If you could see me right now, you’d probably take a step back. Mascara that didn’t come off all the way last night is smudged under my eyes. My hair is up in a lopsided messy bun. I do have workout clothes on, which is a small win, but I didn’t go to the gym this morning.
This is when I like myself least. When I tell myself I’m going to be up at 5:30 AM and then let myself fall back asleep until 7. When I lay out my workout clothes the night before and have the best intentions of getting to the gym early, and then get distracted on my phone and don’t leave in time. Right now, I have 25 minutes left until I have to leave for class, but I just felt like I needed to sit down and start typing this.

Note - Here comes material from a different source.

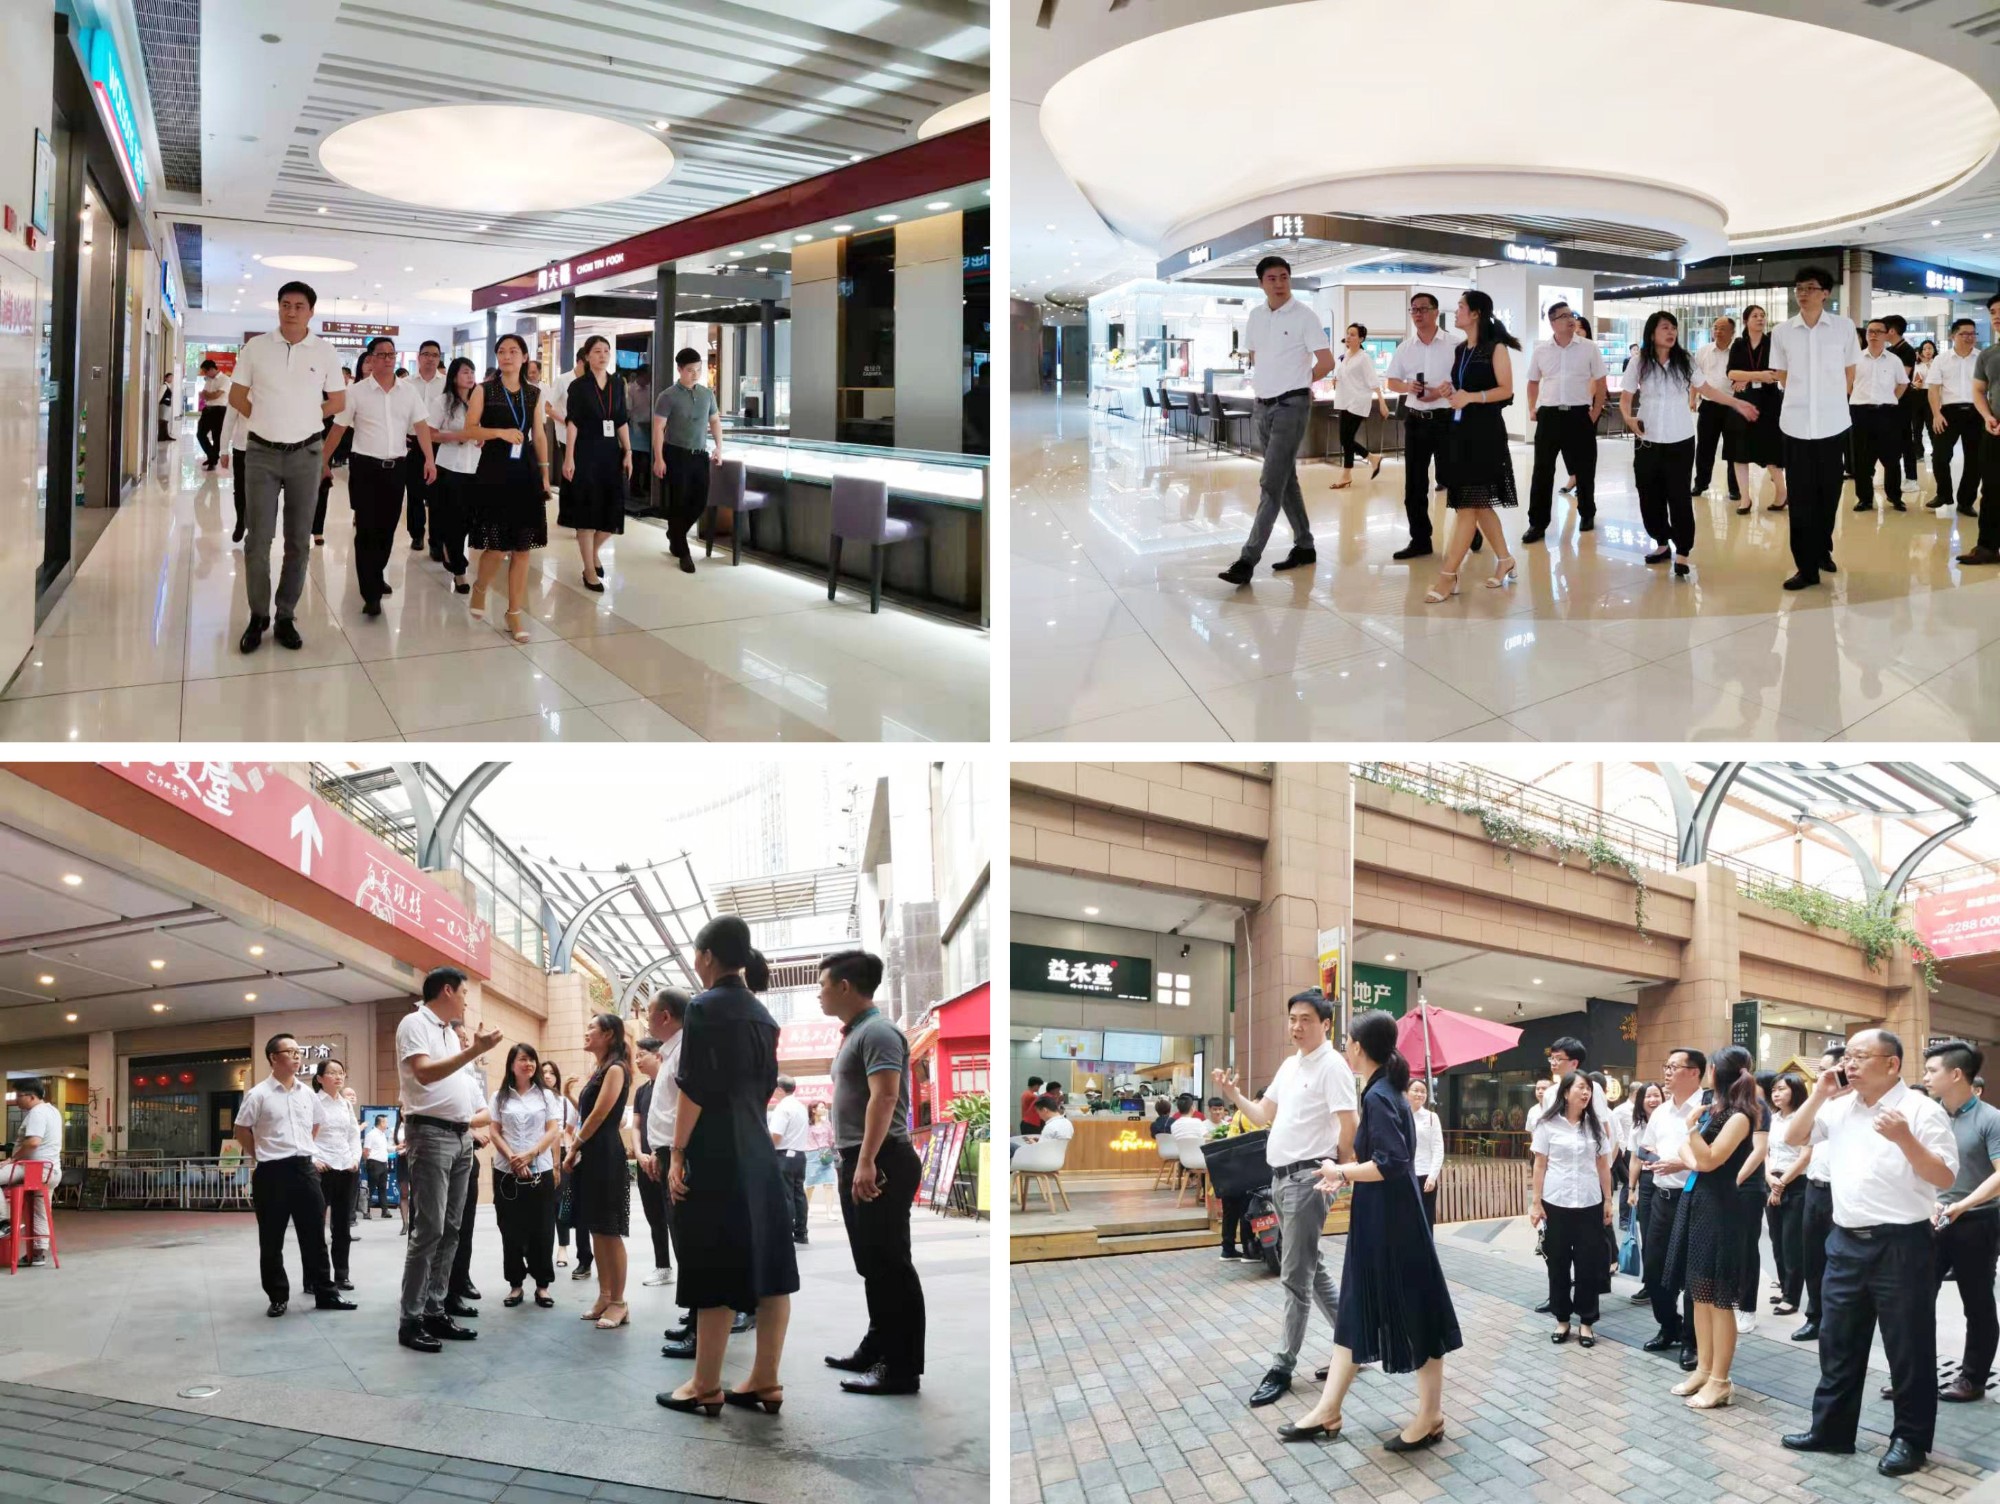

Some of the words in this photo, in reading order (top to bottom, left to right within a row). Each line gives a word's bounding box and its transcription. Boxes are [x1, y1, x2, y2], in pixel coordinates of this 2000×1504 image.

[1273, 216, 1304, 236] 周生生
[1047, 958, 1114, 985] 益禾堂
[1353, 980, 1392, 1004] 地产

I was just sitting here eating a grapefruit in my dorm room, thinking about how mad I was for not getting up early and failing to head straight to the gym once I did get up. I was mad at myself for not sticking to the new habits I’ve wanted to put in place in my life. Really upset at my lack of discipline. Here’s the thing: I know my life is better when I’m self-disciplined. Take yesterday, for example. 5:30 in the morning came, and for the first time in a long time, I didn’t hit snooze and crawl back into bed. I got right up, pressed start on my coffee maker, put my workout clothes on, had time to sip my coffee, pray, read my Bible, and accomplished all of that before leaving for the gym at 7. An hour later, my workout was done and I was back at my dorm with time to shower and get ready for class without rushing out the door. It was peaceful and amazing.
So why can’t I repeat that every day? Truthfully, I can, but I stop myself. I loosen my grip on the rope of discipline, which starts letting some slack on the rope. It’s when I don’t stick to getting to bed early and know that it’s going to make me tired in the morning, but I foolishly do it anyway.

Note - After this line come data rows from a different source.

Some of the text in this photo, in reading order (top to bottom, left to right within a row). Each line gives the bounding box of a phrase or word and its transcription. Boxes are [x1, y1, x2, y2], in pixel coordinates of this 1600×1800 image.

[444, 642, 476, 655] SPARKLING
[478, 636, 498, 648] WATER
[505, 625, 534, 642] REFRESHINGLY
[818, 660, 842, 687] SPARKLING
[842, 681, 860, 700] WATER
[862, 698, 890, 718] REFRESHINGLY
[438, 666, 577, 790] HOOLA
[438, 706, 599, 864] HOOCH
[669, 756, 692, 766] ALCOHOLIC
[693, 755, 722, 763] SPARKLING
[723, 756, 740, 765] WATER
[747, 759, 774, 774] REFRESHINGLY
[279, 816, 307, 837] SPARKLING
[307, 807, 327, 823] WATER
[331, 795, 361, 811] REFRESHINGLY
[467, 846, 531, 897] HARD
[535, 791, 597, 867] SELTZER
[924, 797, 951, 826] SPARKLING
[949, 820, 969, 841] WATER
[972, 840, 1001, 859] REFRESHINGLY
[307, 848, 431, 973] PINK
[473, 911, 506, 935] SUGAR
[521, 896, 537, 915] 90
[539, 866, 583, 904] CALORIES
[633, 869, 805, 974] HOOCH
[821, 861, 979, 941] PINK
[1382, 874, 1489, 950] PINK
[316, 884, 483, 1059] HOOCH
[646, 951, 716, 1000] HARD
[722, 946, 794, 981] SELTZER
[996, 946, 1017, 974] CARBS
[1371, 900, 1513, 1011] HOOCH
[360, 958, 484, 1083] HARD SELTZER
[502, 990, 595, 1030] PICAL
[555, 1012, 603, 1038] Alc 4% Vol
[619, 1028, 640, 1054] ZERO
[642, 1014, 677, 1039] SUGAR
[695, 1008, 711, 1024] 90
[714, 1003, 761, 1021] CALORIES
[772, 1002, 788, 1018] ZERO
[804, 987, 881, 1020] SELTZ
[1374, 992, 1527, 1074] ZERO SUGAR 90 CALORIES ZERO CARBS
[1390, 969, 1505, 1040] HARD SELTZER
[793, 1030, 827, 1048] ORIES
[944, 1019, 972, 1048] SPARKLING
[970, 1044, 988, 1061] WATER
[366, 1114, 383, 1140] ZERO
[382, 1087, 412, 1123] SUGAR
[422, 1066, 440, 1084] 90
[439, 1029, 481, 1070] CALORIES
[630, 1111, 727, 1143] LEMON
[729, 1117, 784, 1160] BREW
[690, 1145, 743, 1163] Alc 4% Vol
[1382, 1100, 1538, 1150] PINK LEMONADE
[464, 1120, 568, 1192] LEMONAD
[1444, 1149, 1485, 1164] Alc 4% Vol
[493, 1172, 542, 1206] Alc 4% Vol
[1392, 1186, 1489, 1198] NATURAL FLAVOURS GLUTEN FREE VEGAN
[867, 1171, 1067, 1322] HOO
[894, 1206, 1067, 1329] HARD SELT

It made me mad at myself that I didn’t repeat that
But even when you get those good habits down, there will be a day or two when you slip up and don’t follow through. We’re human and it happens. I slip up a lot, and that’s why I’m writing this! (To hopefully encourage you and keep myself accountable 🙂 ) In fact, I almost told myself not to write a blog post about this because I thought, why would anyone want to read something about self-discipline from someone who doesn’t have this figured out yet? But honestly, I don’t want to be someone who has it all figured out. I don’t want to wait to write about something until I’ve perfected it because, well, I do that all the time and then I never write. Here’s one more thought I had this morning:
Grace, don’t you realize that the time you just spent praying and reading God’s word matters? Eating this grapefruit and enjoying your coffee matters? Writing your thoughts out in your notebook this morning, that matters! So quit beating yourself up for not being at your best because God still loves you at your worst.
Maybe my “wasted” time this morning wasn’t actually wasted at all. How soon I forget that it is a blessing to wake up, even when I wake up late (and um, hello? The fact that you don’t have class until 10 AM is pretty darn awesome…don’t take that for granted, girl!) It is a blessing to have a beating heart, even when it’s not at a high-intensity workout rate.
Here’s the thing — I don’t have it all together. And sure, there is a place for helping others using the lessons you’ve already learned and trials you’ve walked through, and there are things I want to share on this blog that I hope help you and are valuable to your life. But I also just want to let you know that I’m right here with you. You probably have a million things you could teach me right now that I don’t even know about, and I know you could have an amazing blog of your own.
So thank you for reading mine. I’m just a 19-year-old girl, a freshman in college, trying to follow the Lord and do my best every day. Sometimes I fail, oftentimes I don’t get everything done that I wanted to in the day. I’m way too hard on myself and then way too soft on myself at other times. I’m so far from perfect. I’m inconsistent with writing and posting because I stop myself with fear and doubt all the time. It’s a bad habit, but I’m working on it. So if you’re reading this, thank you. It really means the world to me.
I’ll leave you with this verse that I just read for the first time this morning. I think it’s a simple thing we can try our best to do every
“…do what is right and do not give way to fear.”